Doctors routinely warn patients that antibiotics should be used only to treat bacterial infections, at the proper dosage, and for the full course of treatment because failure to follow these rules increases the likelihood that some of the bacteria will survive and mutate to become drug resistant. Yet many large producers of meat and poultry feed antibiotics to their healthy food animals simply to offset the effects of overcrowding and poor sanitation, as well as to promote faster growth.

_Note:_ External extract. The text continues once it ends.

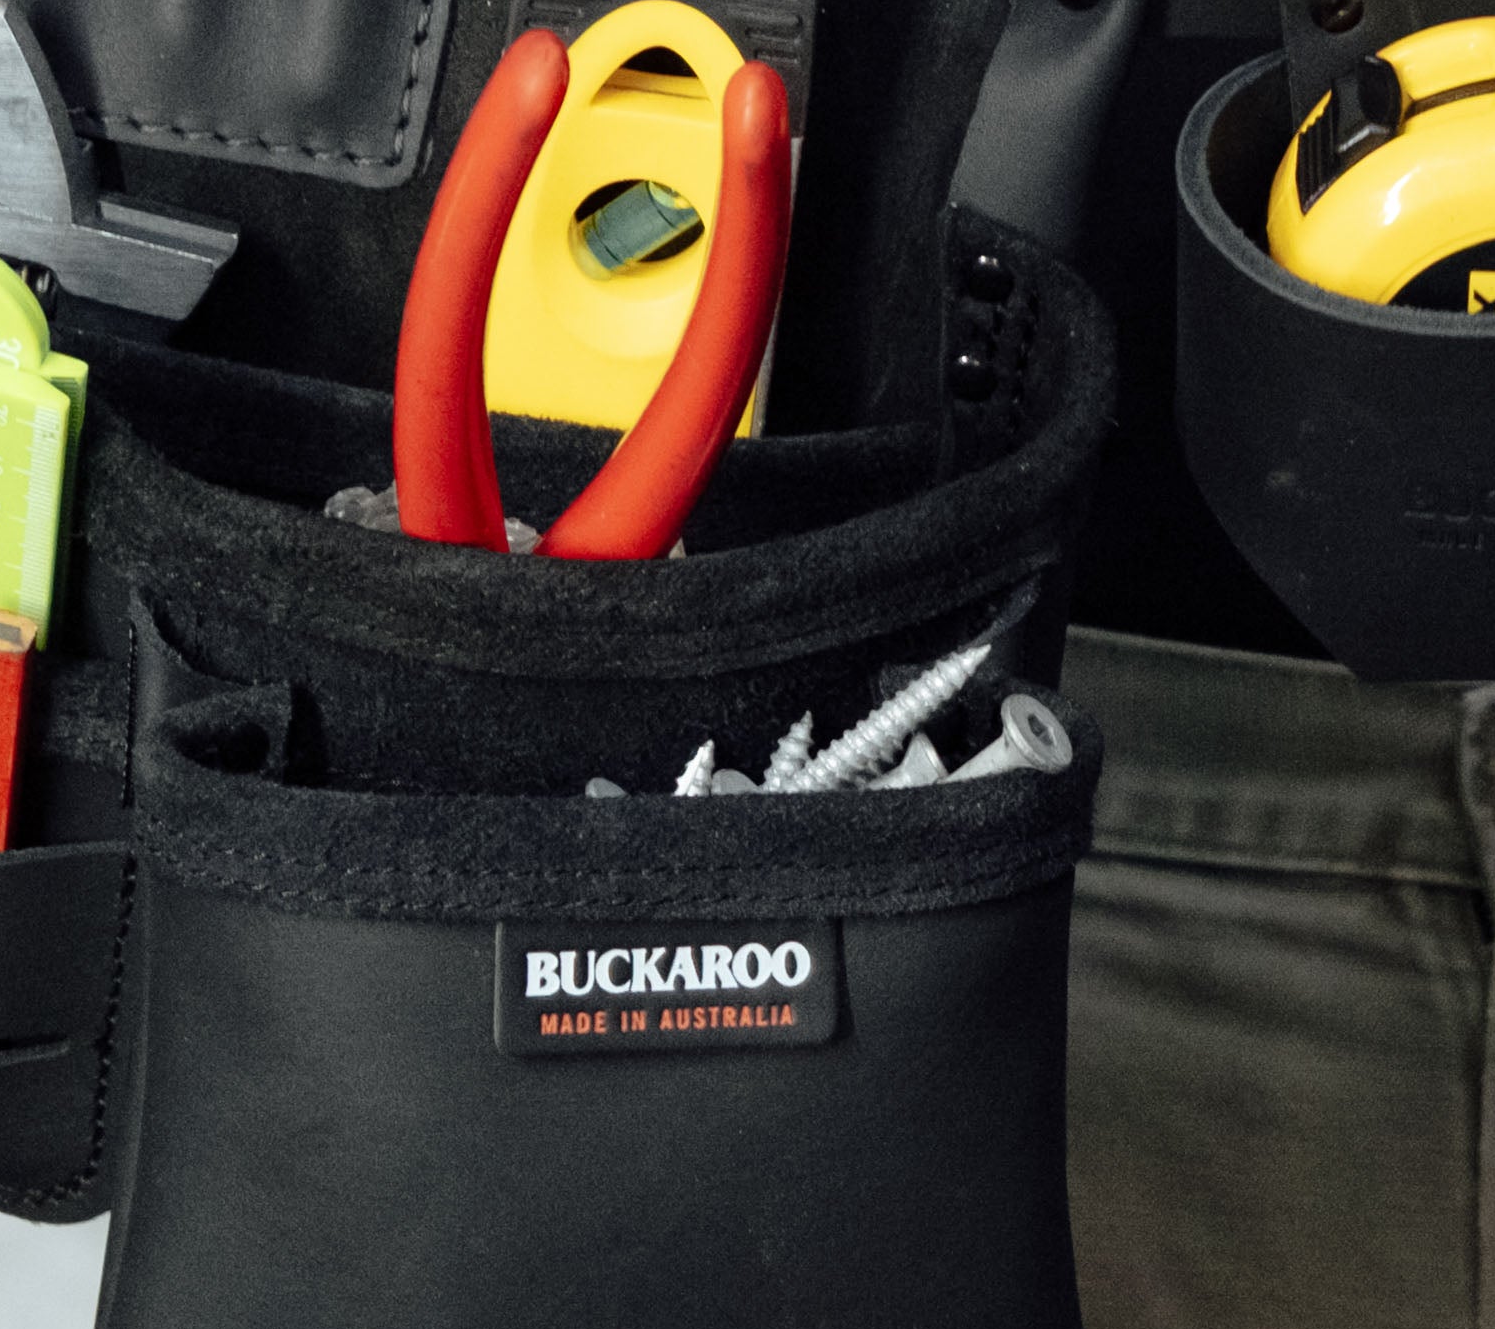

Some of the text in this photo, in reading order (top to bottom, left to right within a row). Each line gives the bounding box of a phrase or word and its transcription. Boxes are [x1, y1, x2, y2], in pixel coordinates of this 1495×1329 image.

[525, 940, 811, 997] BUCKAROO
[540, 1004, 795, 1035] MADE IN AUSTRALIA

In fact, up to 70 percent of all antibiotics sold in the United States go to healthy food animals. The U.S. Food and Drug Administration, the U.S. Department of Agriculture, and the Centers for Disease Control and Prevention all testified before Congress that there was a definitive link between the routine, non-therapeutic uses of antibiotics in food animal production and the crisis of antibiotic resistance in humans. This position is supported by the American Medical Association, the American Academy of Pediatrics, and other leading medical groups who all warn that the injudicious use of antibiotics in food animals presents a serious and growing threat to human health because the practice creates new strains of dangerous antibiotic-resistant bacteria.